TASK TO CARRY OUT :: Every record below must be written out exactly. Leave out the pictures.

TASK INPUTS ::
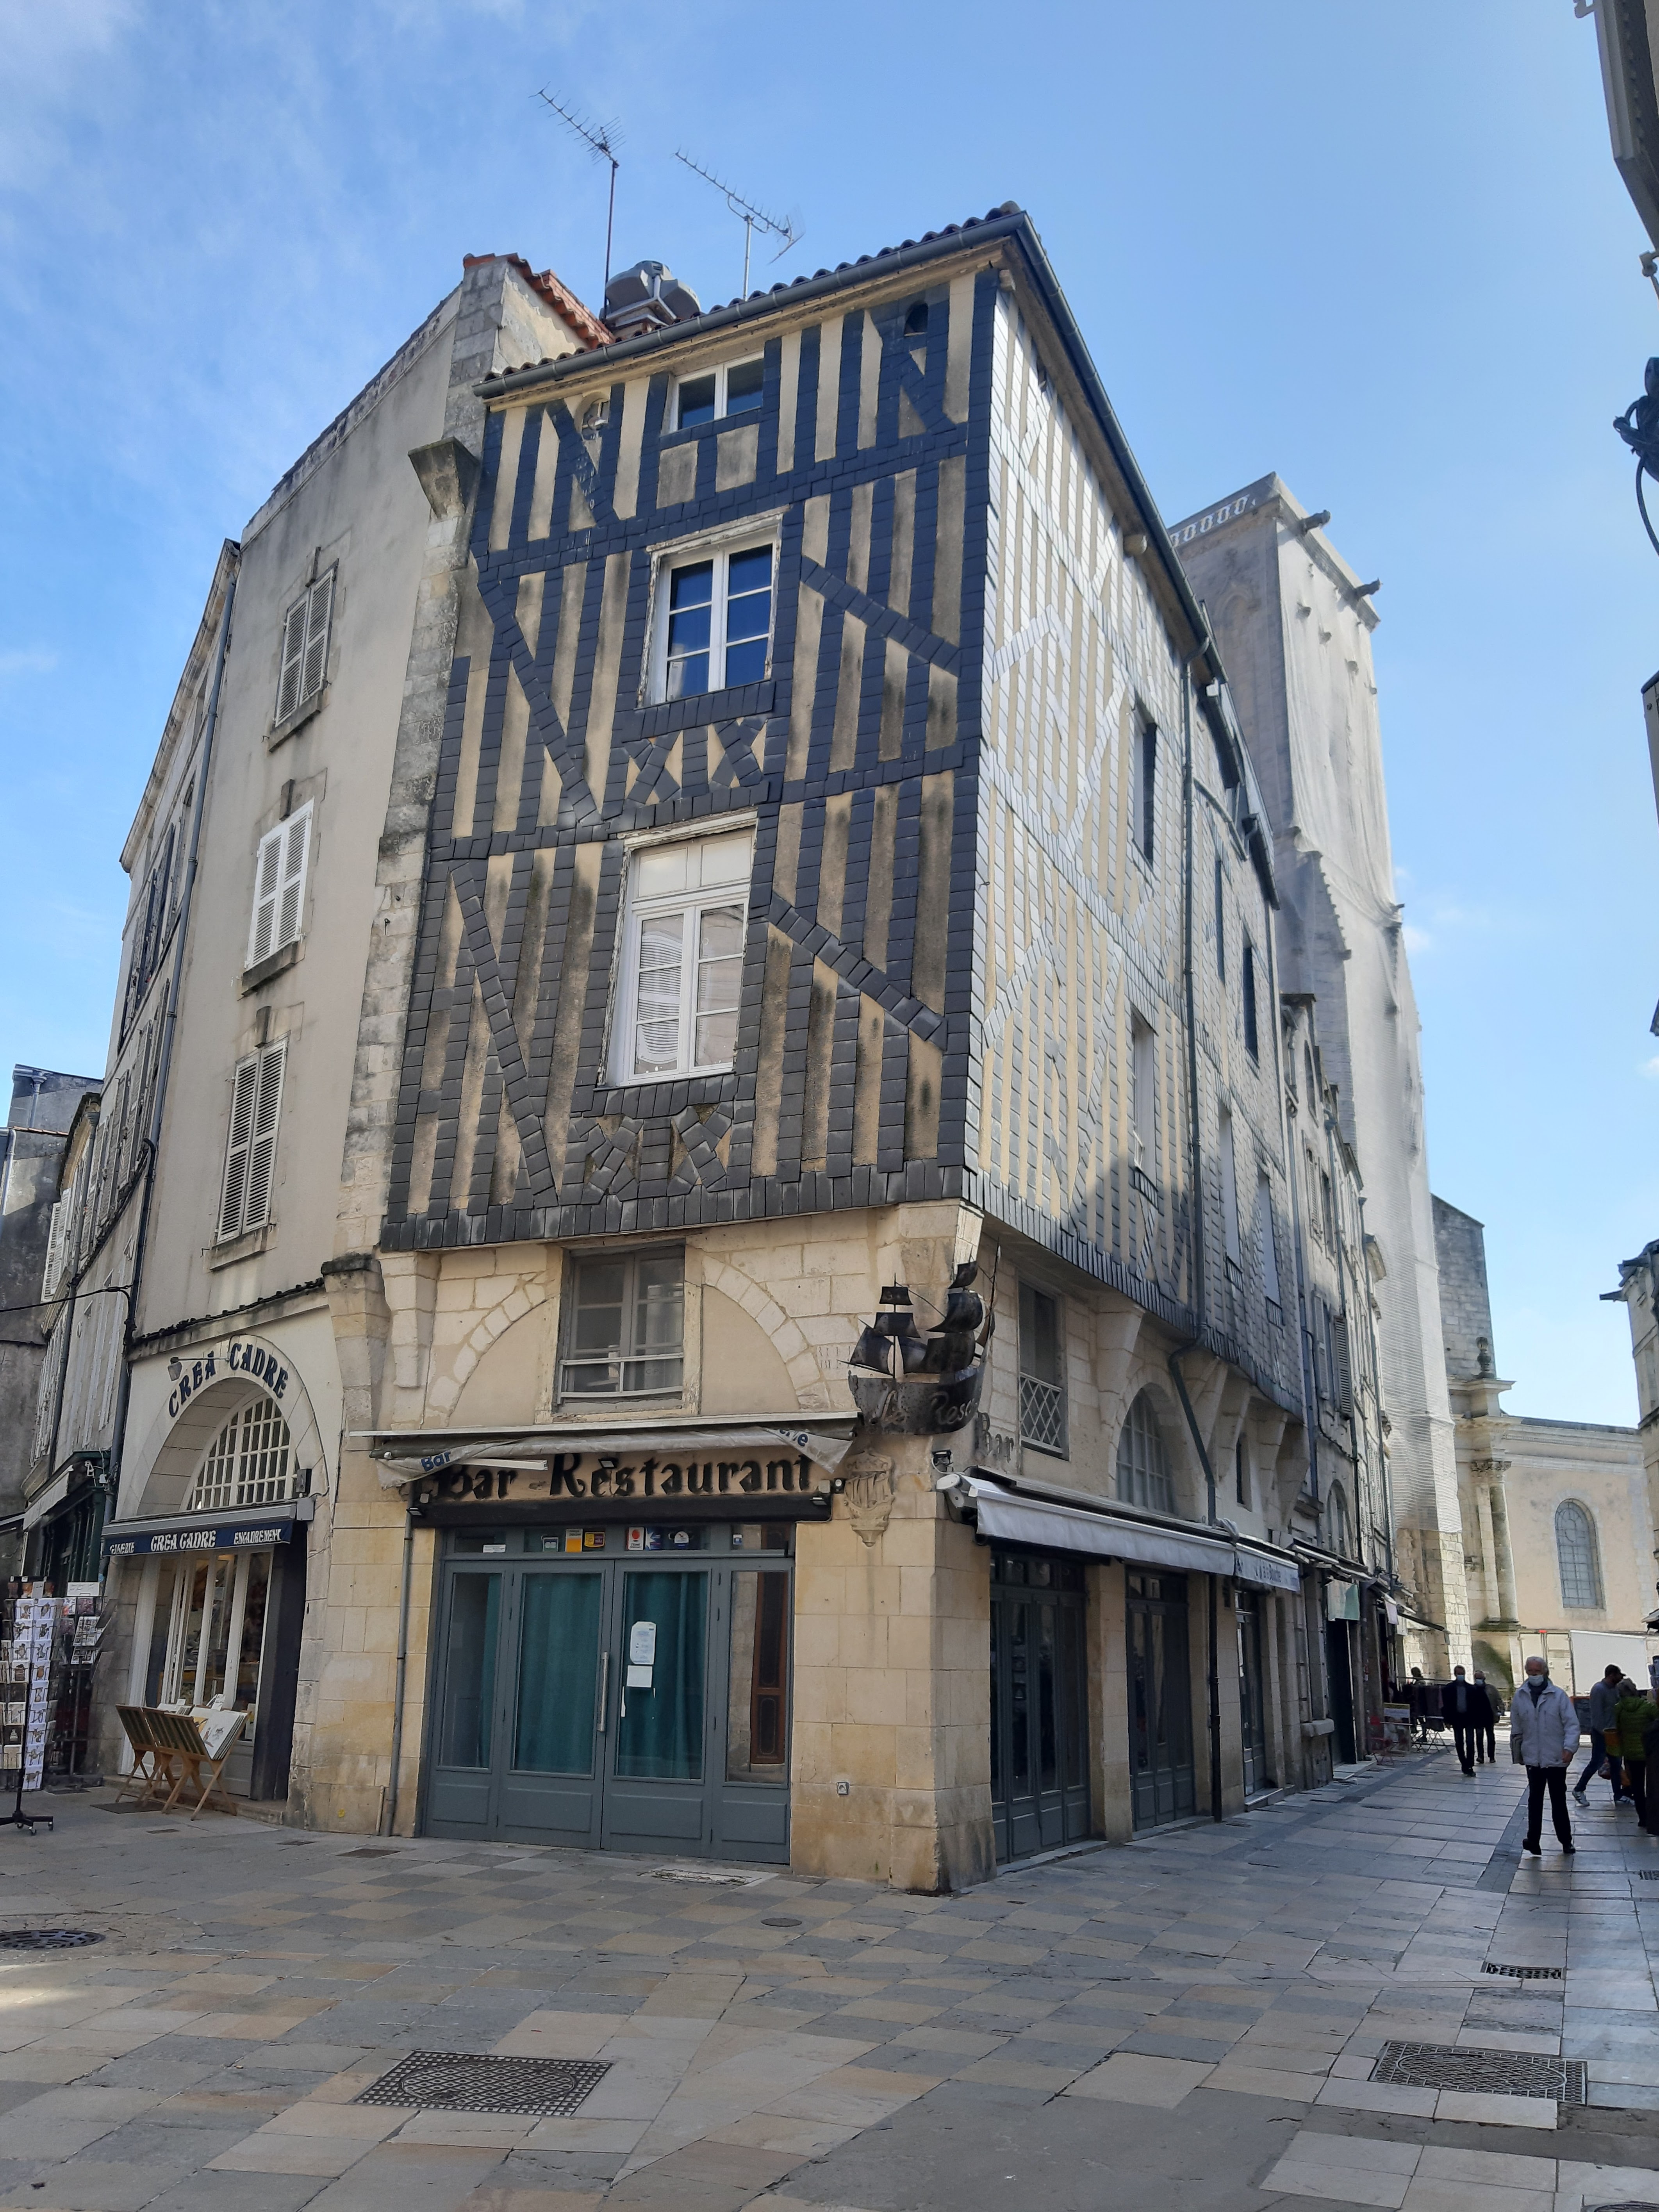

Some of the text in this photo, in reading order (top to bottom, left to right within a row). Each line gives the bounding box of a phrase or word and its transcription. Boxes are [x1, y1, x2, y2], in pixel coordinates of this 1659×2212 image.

[169, 1343, 289, 1418] CREA CADRE
[421, 1452, 451, 1472] Bar
[430, 1464, 519, 1500] Bar
[150, 1535, 178, 1552] CREA
[179, 1530, 216, 1549] CADRE

OUTPUT FOR THIS EXERCISE ::
Some of the text in this photo, in reading order (top to bottom, left to right within a row). Each line gives the bounding box of a phrase or word and its transcription. Boxes are [x1, y1, x2, y2], in pixel coordinates of this 1659×2212 image.

[169, 1343, 289, 1418] CREA CADRE
[421, 1452, 451, 1472] Bar
[430, 1464, 519, 1500] Bar
[150, 1535, 178, 1552] CREA
[179, 1530, 216, 1549] CADRE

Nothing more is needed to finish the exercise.